On Going Out
R. Michael Kelley, Photograph of Chuck Arnett's Tool Box Mural (1975)
Gay Bar: Why We Went Out by Jeremy Atherton Lin. 306 pages. Little, Brown & Company.
What does being out mean now that we are in for what can seem like an endless perpetuity? Jeremy Atherton Lin’s Gay Bar offers something like a eulogy for gay bars, those spaces of exploration where many went out in the search for a queer life. Writing before COVID-19 radically restructured our forms of social life even further, Atherton Lin already is focused in a past tense on “why we went out.” Atherton Lin’s book is a hybrid and particular, a personal accounting of the bars he inhabited in San Francisco, London and LA alongside a wider researched history of these spaces and communities. What proved especially riveting for me were the more extensive histories Atherton Lin researches and describes. Late in the book while attending a fundraiser at a gay bar for Lesbians and Gays Support the Migrants (a slightly altered resurrection of a prior activist slogan), Atherton Lin’s longtime partner, who he names only as his “Famous Blue Raincoat,” picks up a T-Shirt which reads NOT GAY AS IN HAPPY, QUEER AS IN FUCK YOUR BORDERS. Atherton Lin writes, “the slogan reclaims gay as a form of queer (one that can still be about, as Famous put it, outrage, activism, organizing.)” This moment shows in micro some of the ultimate ambitions of the book: finding ways for thinking about and being invested in what gay identity offers in our current moment and connecting this identification to outrage, activism and organizing. What is significant in Atherton Lin’s book, to me, is his writing in the present day to past gay identities, including his own, not holding on but seeing change as central.

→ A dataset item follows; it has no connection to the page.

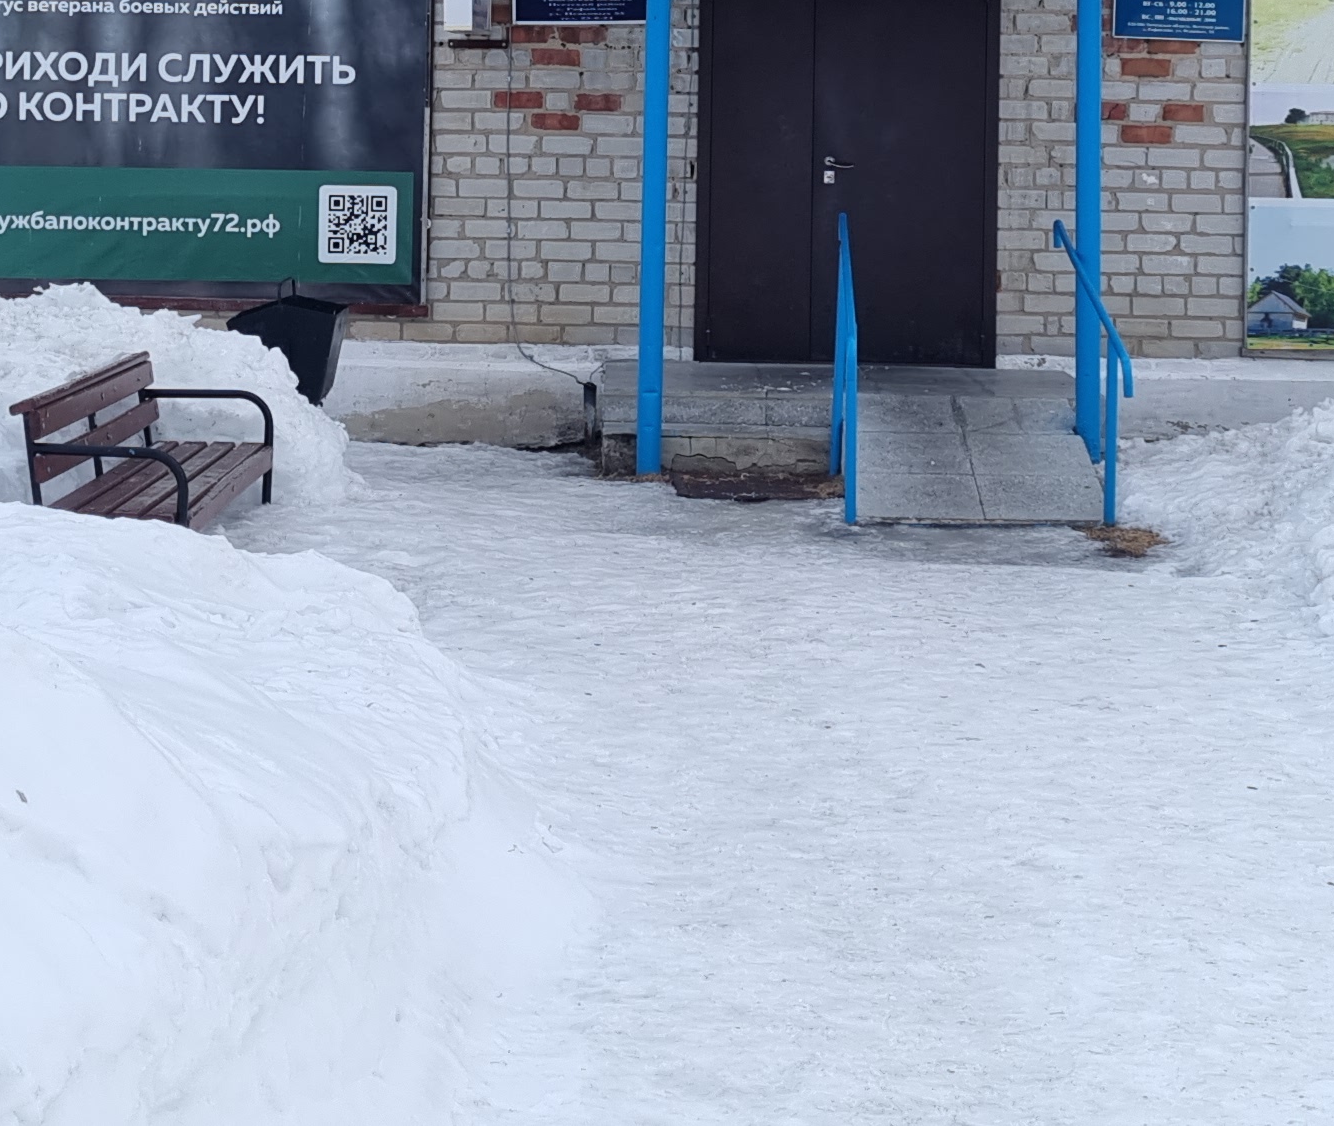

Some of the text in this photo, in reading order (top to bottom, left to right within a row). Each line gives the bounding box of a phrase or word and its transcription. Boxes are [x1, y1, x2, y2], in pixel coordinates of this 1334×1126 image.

The image at the top of this review comes from Atherton Lin’s San Francisco chapter, when he writes about a demolished leather bar. The author writes, “when the Tool Box was torn down for redevelopment in 1975, its murals remained. This is a very San Francisco story: the weatherman wall stood exposed, some reckon, for another couple of years—near a freeway ramp bringing drivers into the city.” This strange role of the mural, between presence and absence, endurance and destruction, perhaps encompasses the discussion of gay bars here—part of the landscape of Atherton Lin’s life, both past and present. I thought of how many social spaces, DJ nights and queer events popped up on Zoom in our perpetual lockdown—perhaps like the demolished Tool Box, despite all the changes of our landscape, a desire for queer community still remains. “I was preoccupied with the relationship between people and places, and noticed the realms I inhabited were conspicuously mortal…This was my domain: I loitered in the fading away,” writes Atherton Lin. This mural shows us the fade, both how present and past the Tool Box remained as it turned into landscape. By recognizing this sense of loss and shifting as continually central to gay and queer identities, perhaps new things can be opened. “Identity is articulated through the spaces we occupy but both are constantly changing,” he writes. Gay Bar asks the reader to look back at some of these shifts and, in the author’s words, to try history on.